It consisted of a vertical hollow post which was supported by sloping ladders against two opposite sides and a sloping metal strut against each of the other sides. The head of the post carried four latticed sails which, by means of a cranked shaft, lifted and lowered a long steel rod passing down the hollow post to the pump or other lifting mechanism below.
This type of mill is supported and pivoted on a single stout upright post, so that the whole “buck” or body of the mill is rotated in order that the sails could be faced square into the wind at all times.
The post-mill spread rapidly throughout Western Europe, as far south as the river Loire. 
Probably the only post-mill erected in South Africa was Heath’s Mill near Grahamstown, which was built some time before 1817, when it was sold to Piet Retief by a Mr. Heath, the builder and owner.

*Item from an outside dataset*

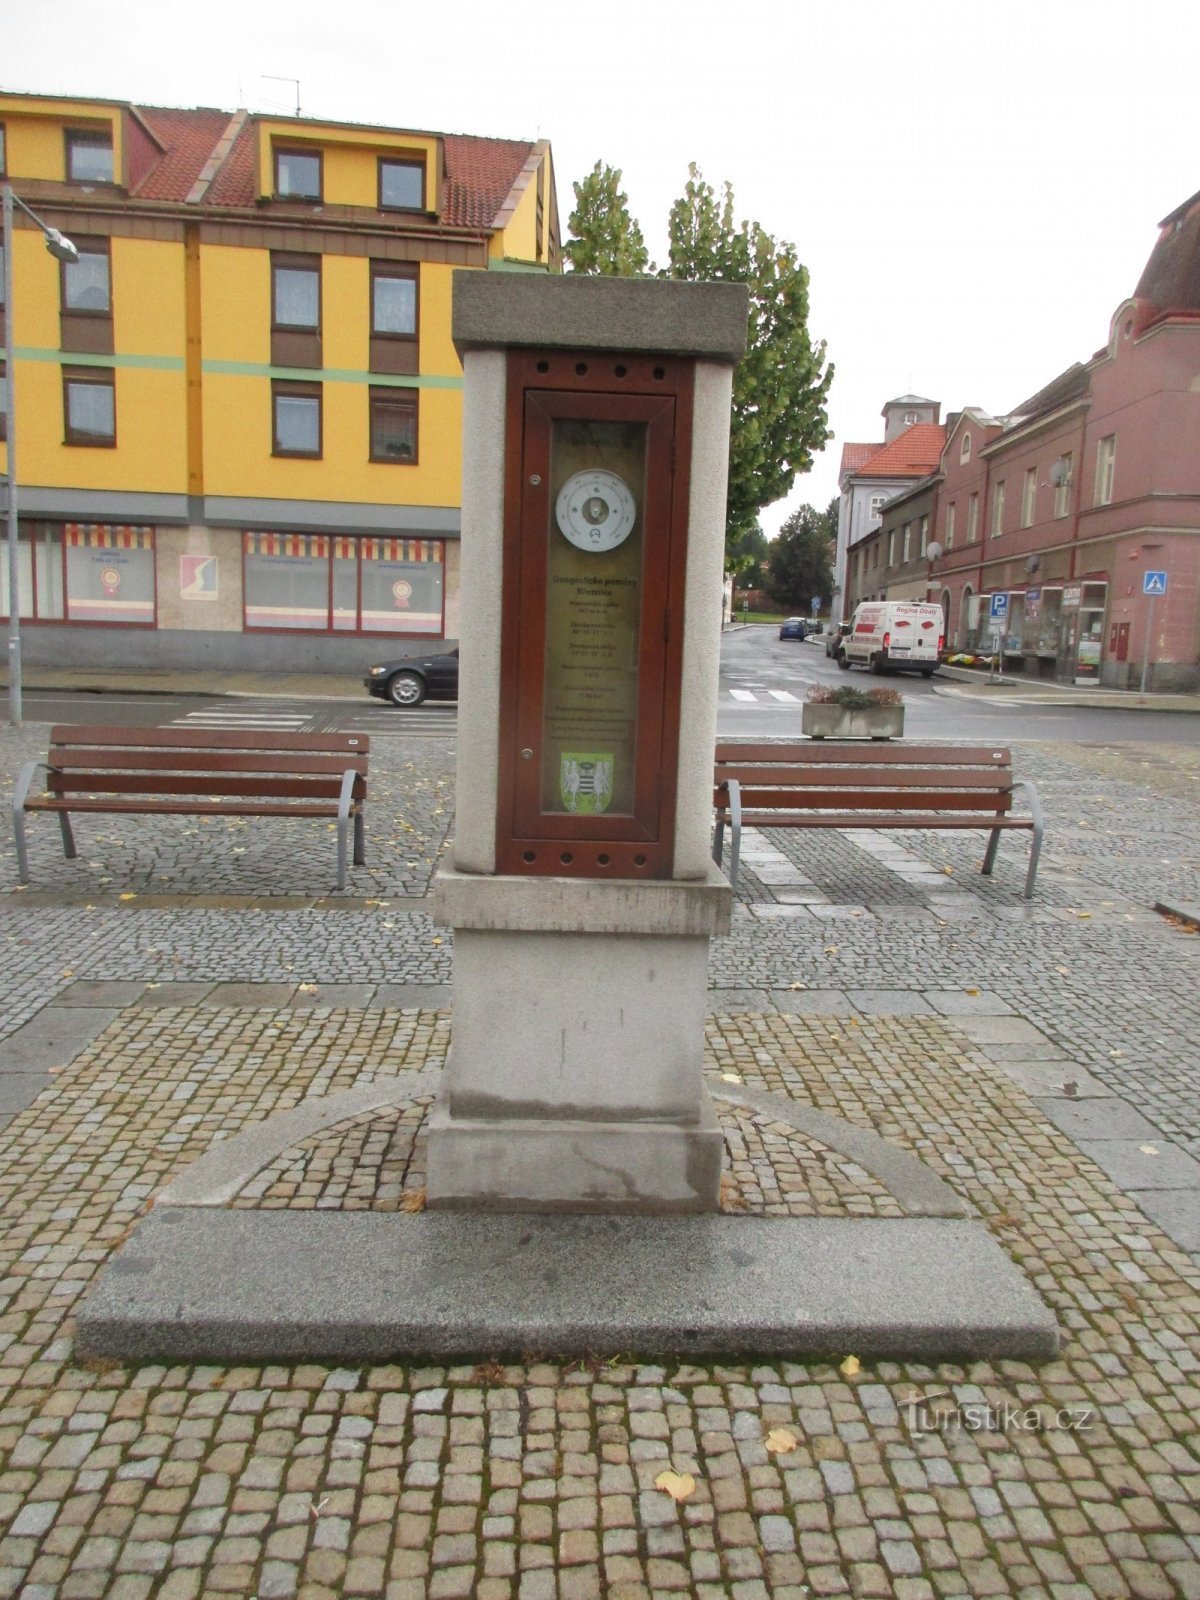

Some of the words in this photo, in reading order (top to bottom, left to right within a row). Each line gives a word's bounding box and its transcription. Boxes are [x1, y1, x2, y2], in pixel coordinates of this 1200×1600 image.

[994, 595, 1005, 610] P
[896, 606, 918, 615] Regina
[919, 608, 938, 616] Obaly

The post-mill is described by John Reynolds as  ‘one of the most daring and ingenious works of the medieval carpenter’. Basically it consists of a small timber framed building housing the mill machinery and carrying the sails. The building is balanced and pivoted on a massive vertical central post set on a pair of cross-trees, the ends of which are carried on four upright stone or brick pillars. The main post is further supported by four raking struts.   
Across the top of the main post is a stout horizontal beam, the ‘crown tree’, which carries the entire weight of the buck and rotates on a gudgeon at the top of the main post.  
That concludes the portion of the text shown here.